══ RECORDS FOR THIS TASK

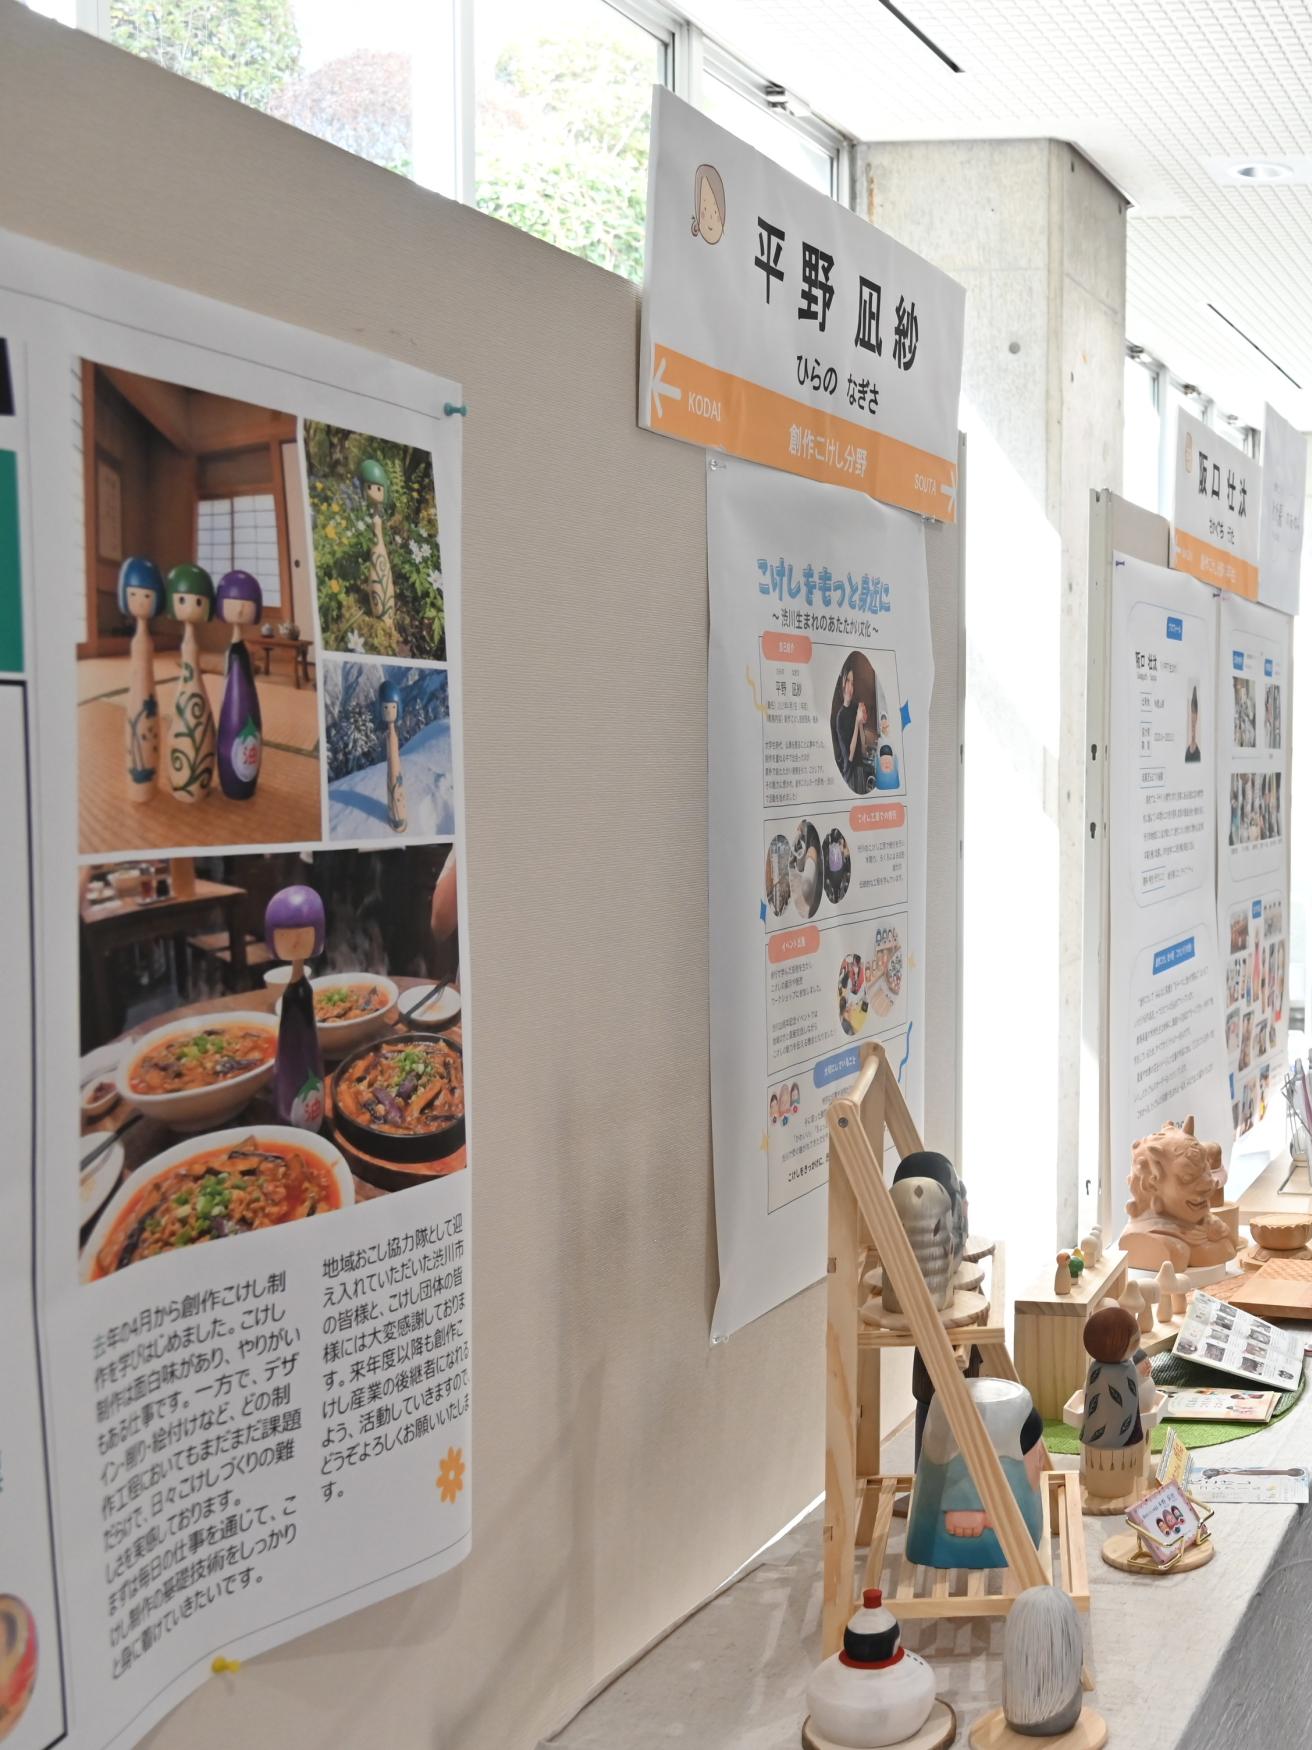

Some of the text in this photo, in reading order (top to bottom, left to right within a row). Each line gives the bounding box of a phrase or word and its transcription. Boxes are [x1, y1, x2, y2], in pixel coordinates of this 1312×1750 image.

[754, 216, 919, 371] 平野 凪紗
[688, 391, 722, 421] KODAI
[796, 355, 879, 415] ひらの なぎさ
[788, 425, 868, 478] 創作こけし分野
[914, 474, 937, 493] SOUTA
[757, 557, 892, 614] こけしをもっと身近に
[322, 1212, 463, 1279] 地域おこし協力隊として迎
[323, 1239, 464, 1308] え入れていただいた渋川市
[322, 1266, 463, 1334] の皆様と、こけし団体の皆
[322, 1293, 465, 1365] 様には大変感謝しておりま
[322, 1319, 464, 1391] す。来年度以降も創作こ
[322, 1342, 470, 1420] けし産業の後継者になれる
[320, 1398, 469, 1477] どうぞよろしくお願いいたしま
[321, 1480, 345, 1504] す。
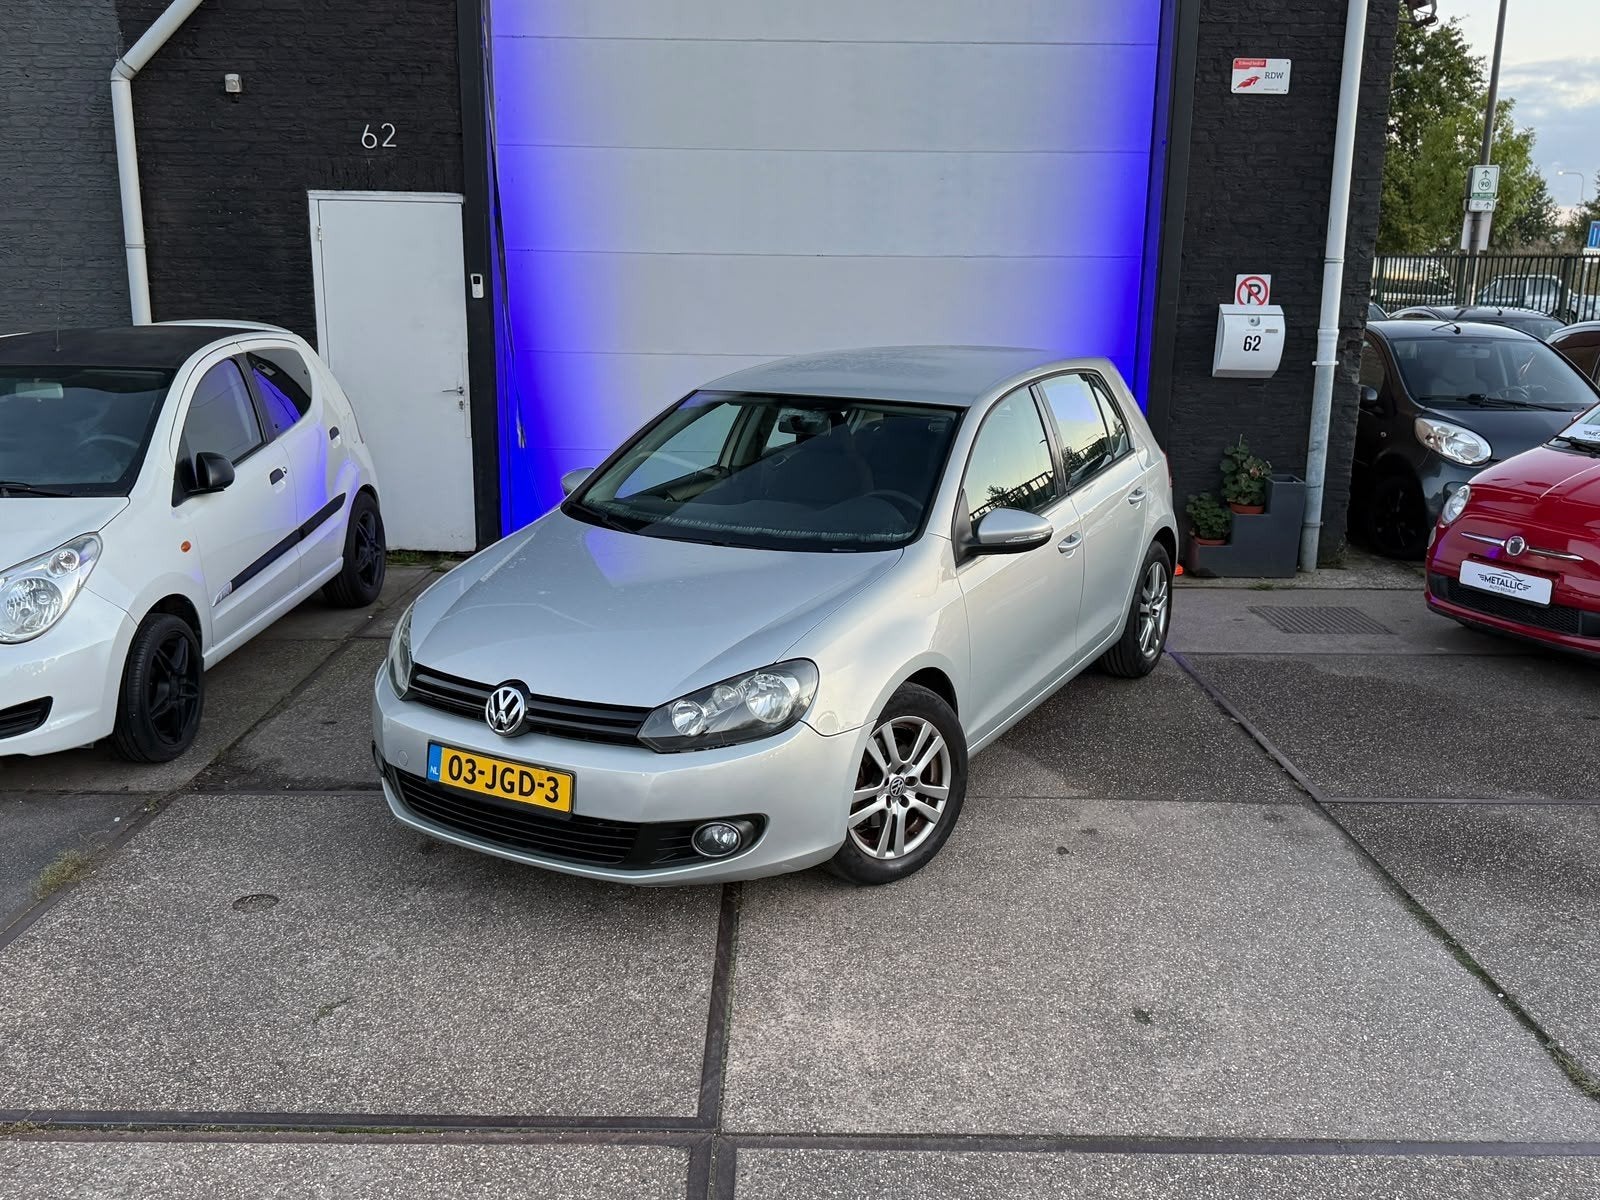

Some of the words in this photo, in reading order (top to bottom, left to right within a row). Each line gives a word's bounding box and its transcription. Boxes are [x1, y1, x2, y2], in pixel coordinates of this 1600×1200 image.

════

__WORK ITEM__
Quote everything in the listing above exactly; pictures are the only thing to omit.

__ANSWER SECTION__
Some of the text in this photo, in reading order (top to bottom, left to right within a row). Each line gives the bounding box of a phrase or word and its transcription. Boxes are [x1, y1, x2, y2], in pixel coordinates of this 1312×1750 image.

[754, 216, 919, 371] 平野 凪紗
[688, 391, 722, 421] KODAI
[796, 355, 879, 415] ひらの なぎさ
[788, 425, 868, 478] 創作こけし分野
[914, 474, 937, 493] SOUTA
[757, 557, 892, 614] こけしをもっと身近に
[322, 1212, 463, 1279] 地域おこし協力隊として迎
[323, 1239, 464, 1308] え入れていただいた渋川市
[322, 1266, 463, 1334] の皆様と、こけし団体の皆
[322, 1293, 465, 1365] 様には大変感謝しておりま
[322, 1319, 464, 1391] す。来年度以降も創作こ
[322, 1342, 470, 1420] けし産業の後継者になれる
[320, 1398, 469, 1477] どうぞよろしくお願いいたしま
[321, 1480, 345, 1504] す。

Some of the words in this photo, in reading order (top to bottom, left to right within a row). Each line gives a word's bounding box and its transcription. Boxes are [x1, y1, x2, y2], in pixel coordinates of this 1600×1200 image.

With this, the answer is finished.